Wet Evening in April
The birds sang in the wet trees
And as I listened to them it was a hundred years from now
And I was dead and someone else was listening to them.
But I was glad I had recorded for him the melancholy.
Patrick Kavanagh, Collected Poems (edited by Antoinette Quinn) (Penguin 2004). The poem was first published on April 19, 1952.
I cannot say enough about the beauty of this poem. Which means that I should keep my mouth shut.

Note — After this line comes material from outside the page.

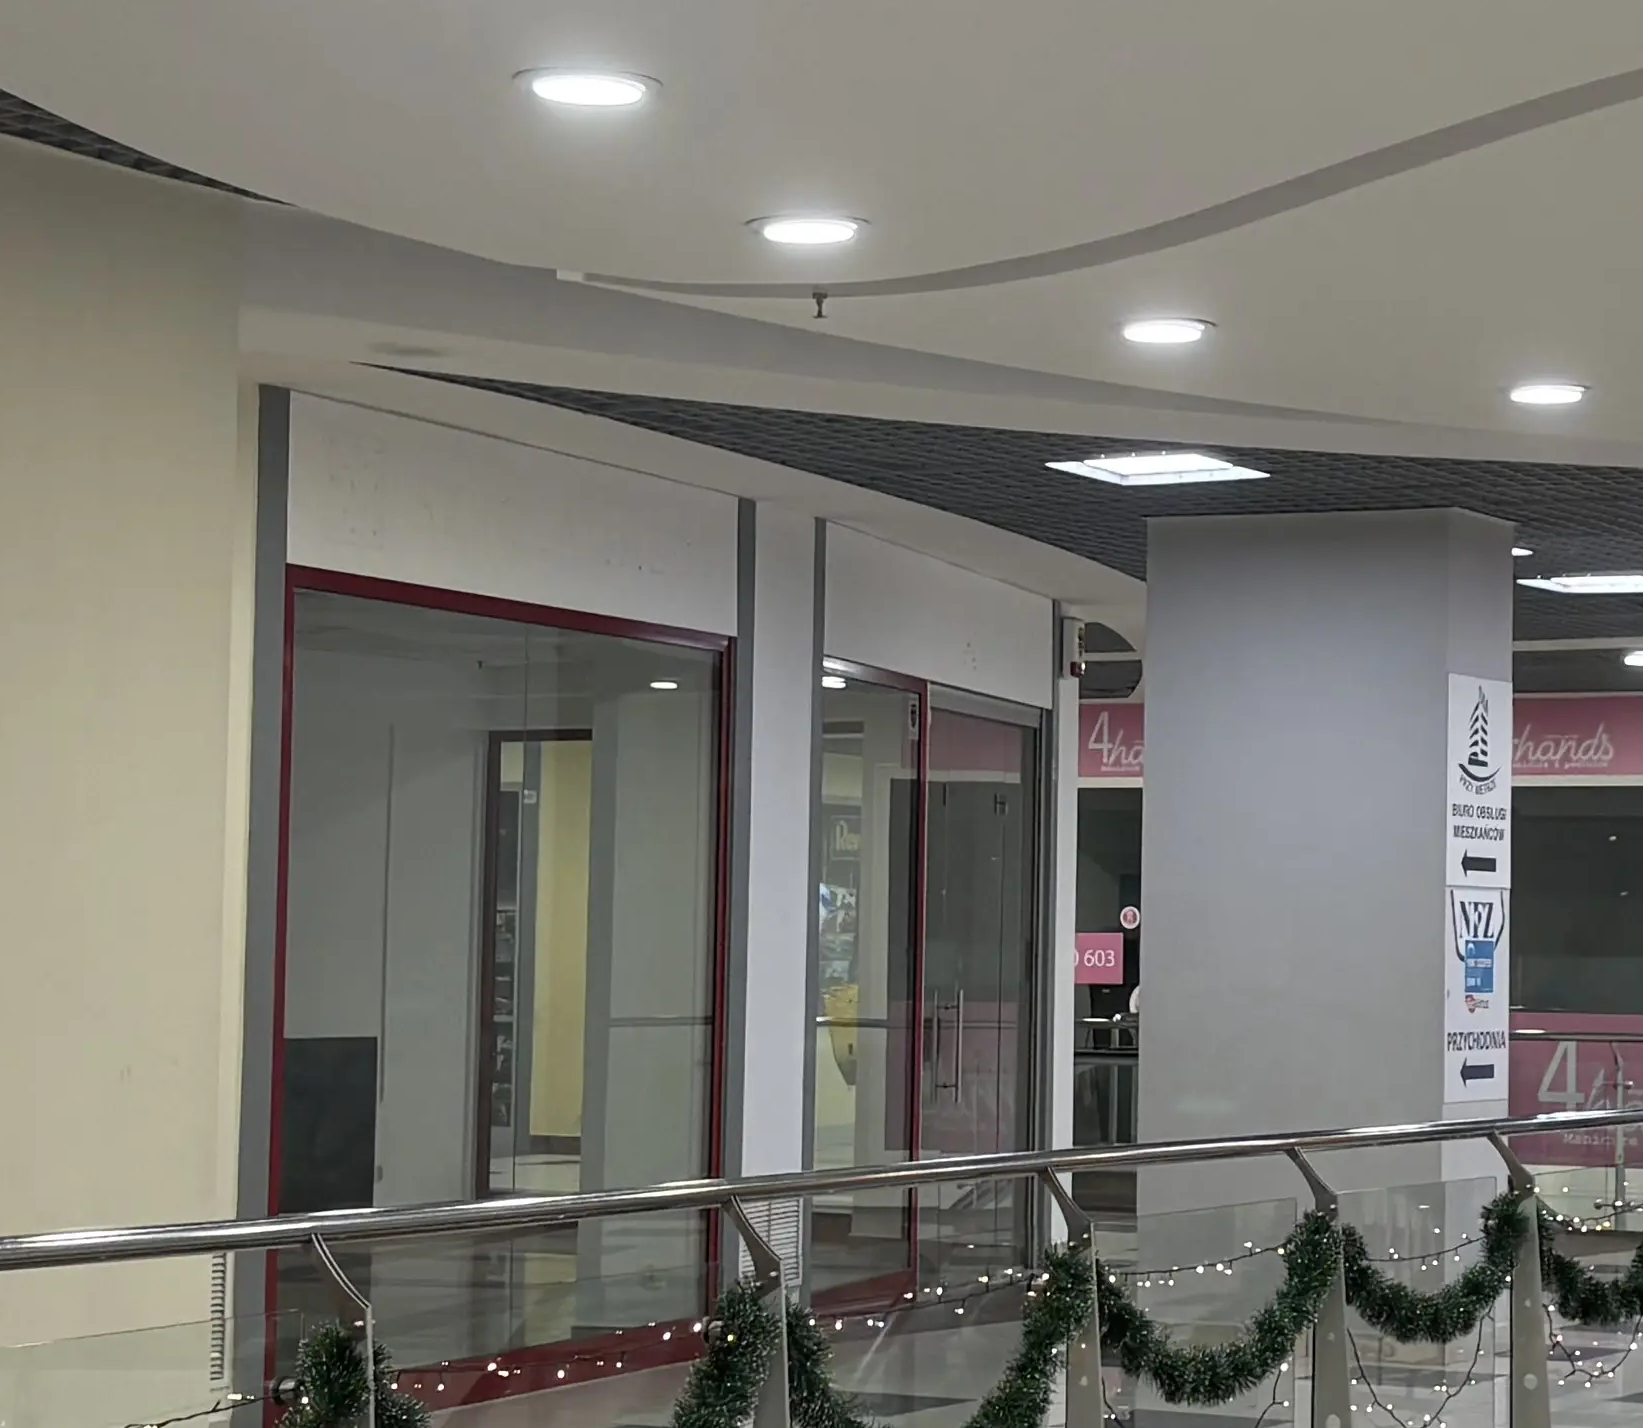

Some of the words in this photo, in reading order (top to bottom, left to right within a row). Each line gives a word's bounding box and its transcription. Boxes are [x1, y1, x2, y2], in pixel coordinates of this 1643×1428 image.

[1459, 900, 1494, 939] NFZ
[1083, 949, 1115, 967] 603
[1447, 1030, 1507, 1052] PRZYCHODNIA

Lucien Pissarro, "April, Epping" (1894)
March, April, and May: they are not as wistful as September, October, and November, but they still have a high wistfulness quotient. Last week I was walking down a city street when, after a gust of wind, the air was suddenly filled with white and pink cherry blossom petals. For just an instant I thought they were snow flurries (usuyuki in Japanese -- a lovely word).
Flowers and Moonlight on the Spring River
The evening river is level and motionless --
The spring colours just open to their full.
Suddenly a wave carries the moon away
And the tidal water comes with its freight of stars.
Yang-Ti (translated by Arthur Waley), in Arthur Waley, One Hundred and Seventy Chinese Poems (1918).
Lucien Pissarro, "The Dunmow Road from Tilty Wood" (1915)
Of course, we ought not to get carried away in wistfulness, like the moon on a wave. Which is not to say that wistfulness is a bad thing. One can be wistful and perfectly content. Some occasions call for it. To wit: standing in place as cherry blossom petals (and, in due time, sere leaves) spin down to the ground all around you.
That man's life is but a dream --
Is what we now come to know.
Its house abandoned,
the garden has become home
Sogi (1421-1502) (translated by Steven Carter), in Steven Carter, Traditional Japanese Poetry: An Anthology (Stanford University Press 1991).